You’ll know your cookies are done baking when they start to slightly turn brown at the bottom, then is the time to remove them from the oven. If you like your shortbread crunchier, go ahead and leave them in for a couple more minutes, but don’t forget that cookies continue to cook while on the baking sheet after you take them out of the oven.

Troubleshooting Shortbread Cookie Dough

If you run into any trouble with this shortbread dough, it’s probably going to be that the dough is too dry. This is especially true if you live in a dryer climate, as I do. If that’s the case, don’t throw out the dough, it’s really easy to remedy the problem.

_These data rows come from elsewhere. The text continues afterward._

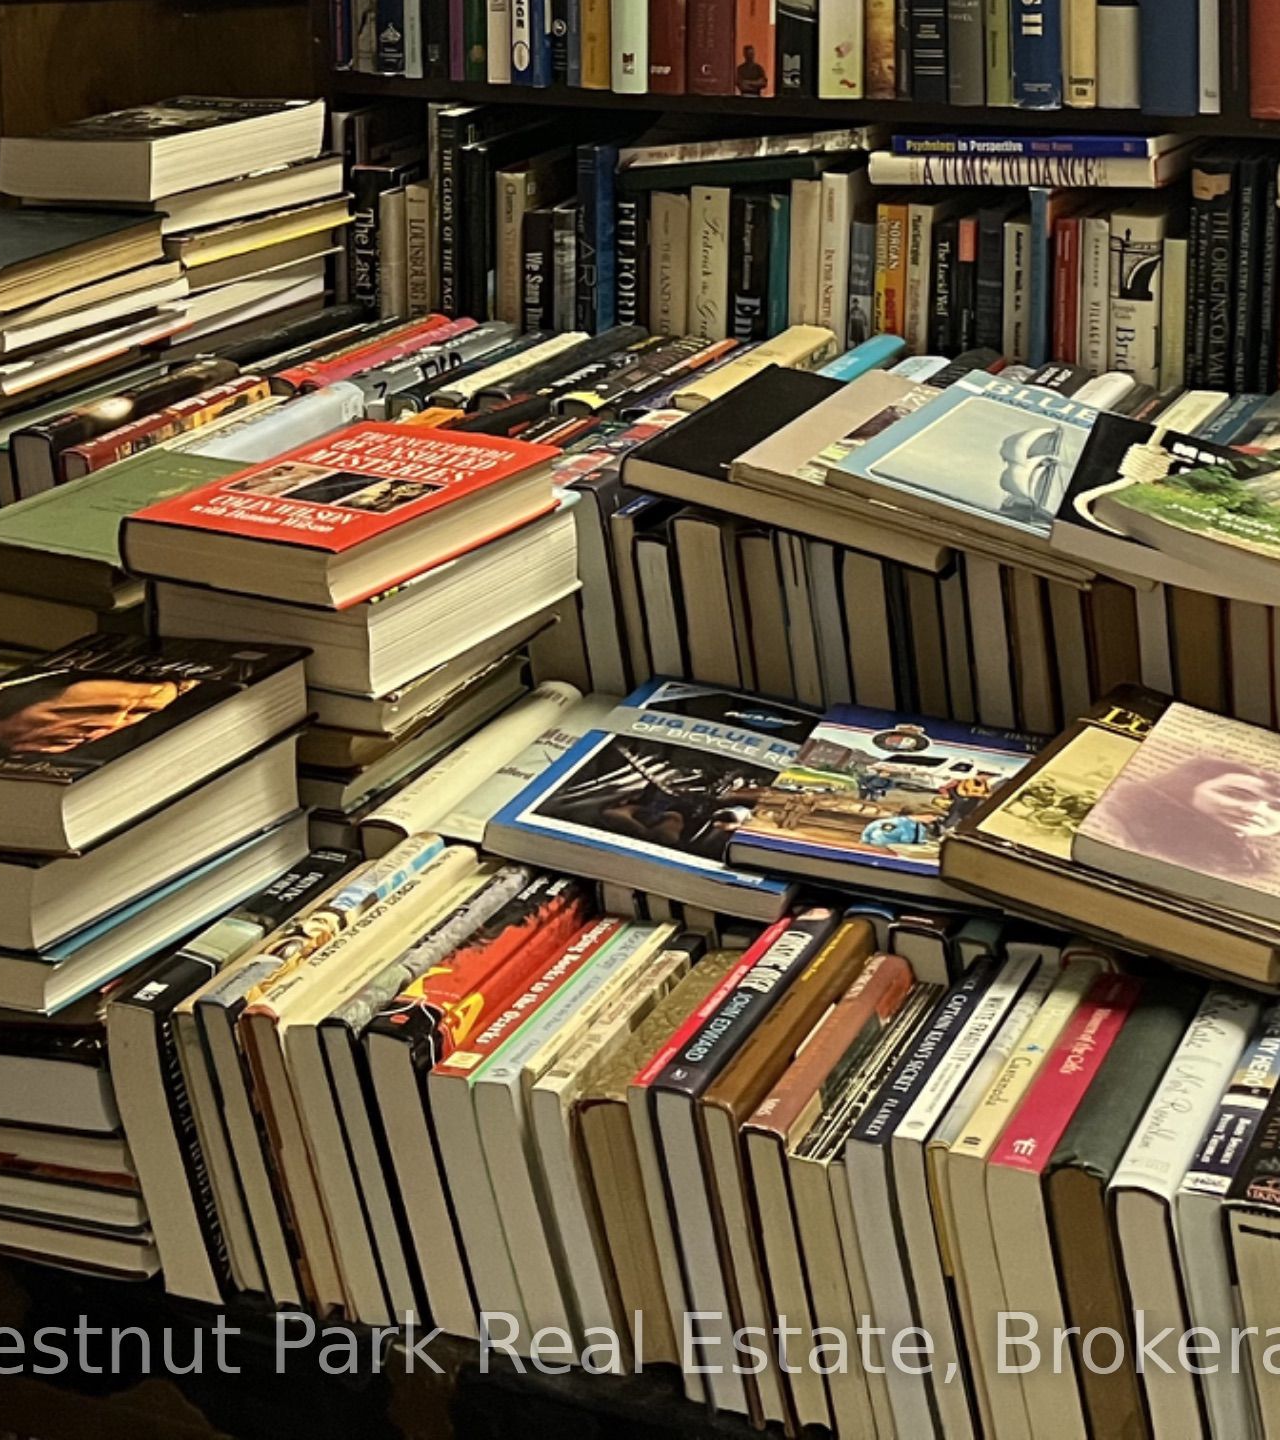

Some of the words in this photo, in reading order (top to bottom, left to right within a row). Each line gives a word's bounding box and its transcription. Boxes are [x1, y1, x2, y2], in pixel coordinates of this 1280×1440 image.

[1021, 13, 1043, 35] II
[941, 157, 992, 185] TIME
[1029, 157, 1099, 186] DANCE
[356, 208, 374, 245] The
[355, 249, 373, 288] Last
[526, 252, 543, 271] We
[618, 201, 635, 328] FULFORD
[526, 275, 542, 304] Sang
[1210, 248, 1228, 321] ORIGINS
[982, 380, 1098, 421] BLUE
[301, 448, 474, 484] MYSTERIES
[632, 721, 662, 736] OF
[663, 725, 754, 758] BICYCLE
[639, 713, 683, 731] BIG
[687, 719, 763, 745] BLUE
[728, 993, 753, 1017] JOHN
[929, 994, 967, 1030] CAPTAIN
[684, 1012, 733, 1062] EDWARD
[891, 1060, 924, 1093] SECRET
[1241, 1055, 1278, 1086] HERO
[864, 1098, 898, 1137] FLANKER
[188, 1141, 233, 1281] ROBERTSON

All you have to do is crumble up the dough again in a bowl if you had rolled it out. Beat an egg and in a measuring cup or something you can easily pour from. Pour a little bit of the egg, start with a tablespoon at a time and mix it in to the dough until the dough comes together. Usually just that extra little bit of moisture will do the trick.

If you have the opposite problem, and the dough is too sticky, simply add a bit more flour, again start small and work your way from there.

Do I Have To Chill The Dough?

No, you don’t have to. If you wanted to slice these cookies by rolling them into a log first, then I would recommend forming the log, wrapping up in plastic wrap and chilling the dough for at least 30 minutes. This will allow the butter to solidify again, therefore setting the dough and making it easier to cut into slices.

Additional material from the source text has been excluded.